Recensione: “IL VAGONE SUL BINARIO MORTO” di Cesare Impera (Segreti in giallo)

Un giallo tutto italiano, quello di Cesare Impera. Omicidi e atmosfere noir a Torino “Il Vagone sul binario morto” vi lascerà piacevolmente colpiti.

  • Titolo: Il vagone sul binario morto
  • Autore: Cesare Impera
  • Editore: Pubme
  • Collana: Segreti in giallo
  • Genere: Noir- giallo
  • Pagine: 282
  • Ebook: 2,99
  • Cartaceo: 13,90
  • Data di uscita: 13 marzo 2021

Trama:

Torino, novembre 2018. Nella notte tra il primo e il due novembre si consuma un terribile omicidio. L’ennesimo. La città è sconvolta. Stavolta la vittima è il figlio del Vice Commissario Soletti, da anni in servizio presso la locale Questura. Il feroce assassinio del giovane disabile, ritrovato morto nei pressi di un vagone dismesso della Stazione di Porta Nuova, apre una serie di scenari che affondano le loro radici in un tragico passato.

In una Torino noir e polverosa, il Commissario Calleri e il suo Vice indagano alla ricerca della terribile verità. Tre i principali indiziati. Tra cui due donne. Il cerchio si stringe infatti intorno a Marta e Lisa, figlie di Lara, a sua volta, in passato, accusata dell’omicidio del suo primo marito e poi assolta.

Anche stavolta gli indizi sembrerebbero condurre in un’unica direzione, ma le indagini sfoceranno in un processo dal clamoroso verdetto.

Guai in quel di Torino, nella zona dove è perennemente in sosta un vagone malandato – da pellicola gotica -, su un binario morto, dove un complicato delitto desta l’opinione pubblica. Non è però il primo di una serie di omicidi ancora da archiviare.

Un luogo che viene soprannominato il Bronx, dove si consumano atti di criminalità. Punto d’incontri clandestini tra prostitute e i loro clienti abituali, spaccio di droga e ritrovo di papponi, ubriachi e senzatetto. Una sciccheria, insomma, che non passa inosservata agli occhi della polizia. Ben più grave è la notizia della morte del figlio del vice commissario Soletti, la vittima trovata vicino al vagone. Un rapporto burrascoso, il loro, ecco perchè non si sentivano da diverso tempo.

Ciò non toglie che il padre ne sia rimasto sconvolto. Un caso portato avanti dal commissario Calleri, con la collaborazione del vice e del poliziotto Pilleri. Un’indagine che incastra non spietati uomini, bensì due donne. Lisa e Marta, sorelle adottive spesso in disaccordo ma non differenti sulle attività svolte: entrambe si prostituiscono, si definiscono escort quindi si concedono per una gran quantità di denaro. Non due santarelline, neppure nelle loro tattiche; donne che sanno far girare la testa alle loro prede. A renderle sospette sono numerose testimonianze, certezze che convincono subito il lettore a risolvere l’enigma prima ancora della polizia, e a metà della storia.

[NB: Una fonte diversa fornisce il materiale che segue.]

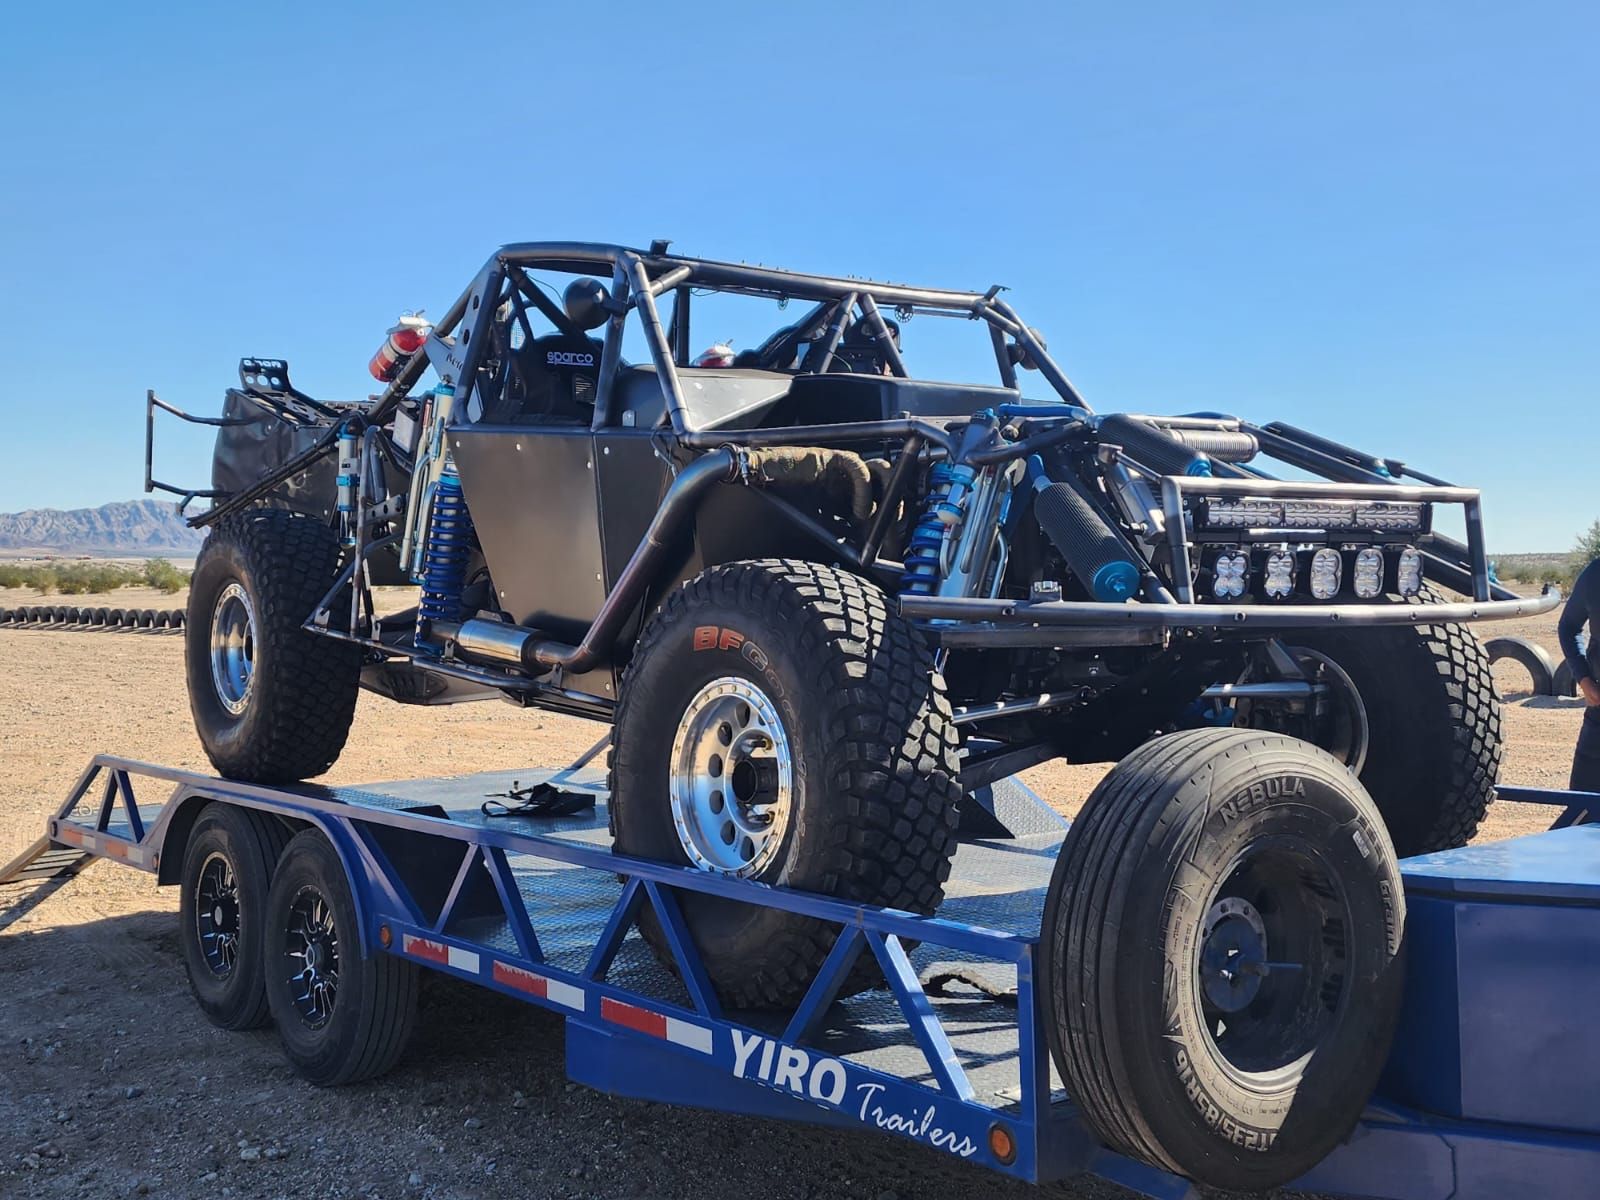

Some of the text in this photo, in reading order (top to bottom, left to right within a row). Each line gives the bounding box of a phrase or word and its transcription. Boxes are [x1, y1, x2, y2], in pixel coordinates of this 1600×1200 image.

Caso chiuso? No, invece, le indagini sono più complicate di quanto ci si aspetta all’inizio e tutte le carte in tavola potrebbero essere rovesciate, anche perchè gli stessi agenti hanno qualcosa da nascondere.

Un giallo soft tipicamente all’italiana, costruito bene e scritto in maniera egregia, si nota uno stile preparato dell’autore, sia nella scrittura che nel contesto. Tensione flebile e dai tanti personaggi di comparsa – molti sospetti – e protagonisti ben delineati. In particolare l’ambigua e ammaliante Lisa e l’agente Pilleri. Lo consiglio se amate il genere e vi stuzzica inquadrare i presunti colpevoli.

Biografia autore:

Cesare Impera è nato a Santadi, un piccolo centro della Sardegna in provincia di Cagliari. Si trasferisce a Torino in giovane età e completa le scuole superiori al “G. Peano”. Qualche anno più tardi, integrato nella direzione lavori di una società di primaria importanza nel campo energetico, trascorre buona parte della sua gioventù in giro per il mondo. Nei primi anni ottanta viene catapultato in Egitto, poi in Algeria e in Arabia Saudita. Durante la guerra dei sette anni tra Iran e Iraq viene inviato a Baghdad in missione e più avanti a Bassora. Trascorre un lungo periodo in Sud America e Centro America: Ecuador, Honduras eccetera. Nei primi anni novanta, durante la guerra del golfo, viene mandato in Arabia Saudita e là, in un grande complesso industriale vicino Gedda, finisce la sua carriera da trasfertista. Rientrato a Torino trascorre diversi anni a capo di una società d’impiantistica, una volta andato in pensione si dedica alla lettura e alla scrittura di romanzi gialli. Questa è la sua prima pubblicazione.